Metatarsal fractures are relatively common. Fractures can be limited to one metatarsal or can affect multiple ones e.g. by direct trauma or crush injuries. When a fracture occurs due to repeated mechanical stress, this is termed a stress fracture. The metatarsals are the most common site of stress fractures.


  • Incidence: 100.00 cases per 100,000 person-years
  • Peak incidence: 60-70 years
  • Sex ratio: 1:1
<1 1-5 6+ 16+ 30+ 40+ 50+ 60+ 70+ 80+

Clinical features

5th metatarsal fractures:
  • Proximal avulsion fractures (pseudo-Jones fractures): most common type. Occurs at the proximal tuberosity. Usually associated with a lateral ankle sprain and often follow inversion injuries of the ankle.
  • Jones fractures: much less common. This is a transverse fracture at the metaphyseal-diaphyseal junction.

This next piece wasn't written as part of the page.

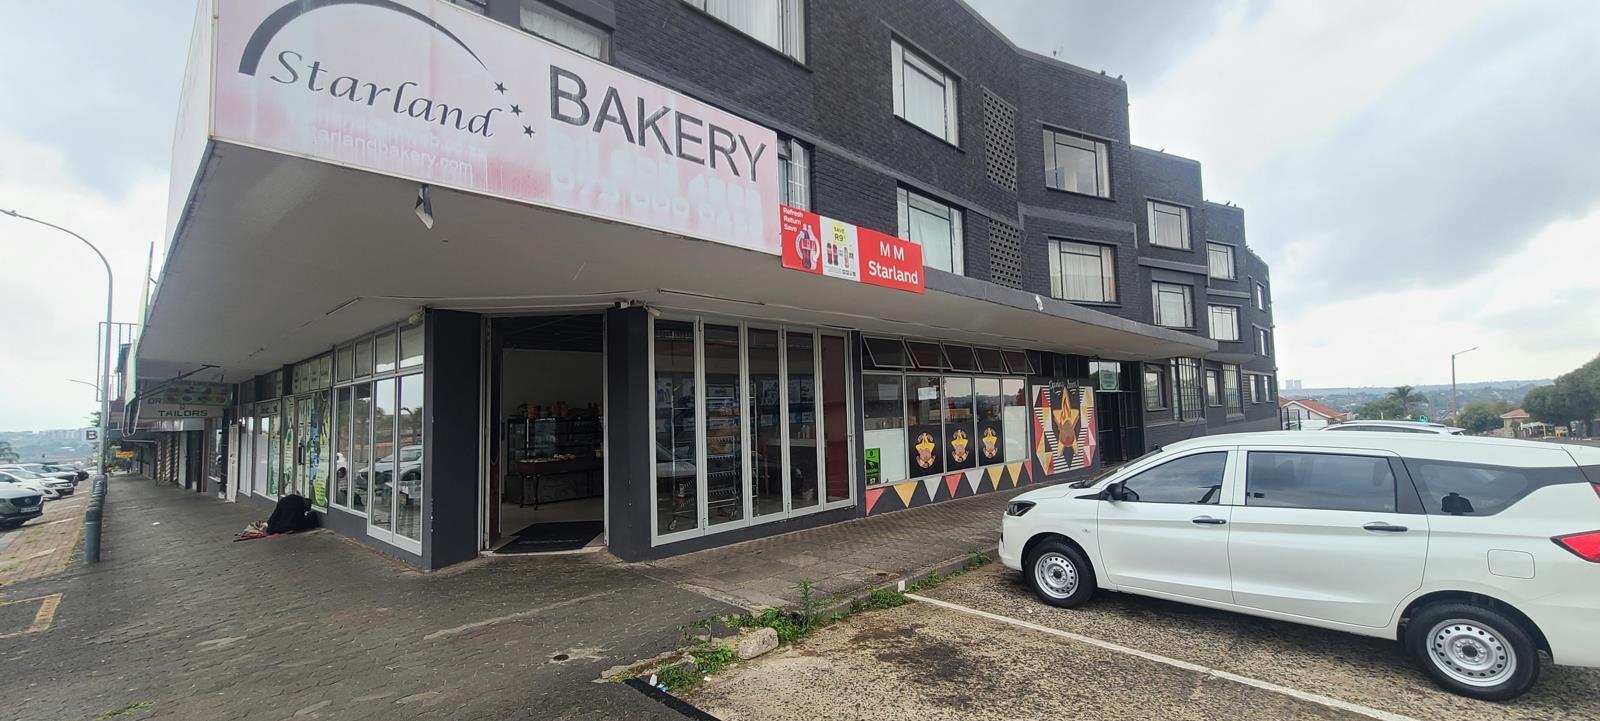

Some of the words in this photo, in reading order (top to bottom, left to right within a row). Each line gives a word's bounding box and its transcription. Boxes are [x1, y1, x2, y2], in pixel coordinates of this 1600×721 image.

Metatarsal stress fractures
  • Occurs in otherwise healthy athletes, e.g. runners
  • The most common site of metatarsal stress fractures is the 2nd metatarsal shaft

  • Pain and bony tenderness
  • Swelling
  • Antalgic gait


  • X-rays: distinguishes between displaced and non-displaced fractures. This differentiation guides subsequent management options. Although stress fractures may appear normal on X-ray, sometimes there is a periosteal reaction seen on 2-3 weeks later.
  • Isotope scan or MRI: in the case of stress fractures, X-rays are often normal and may remain normal in up to half of all cases. An isotope bone scan or MRI may help to establish the presence of a stress fracture.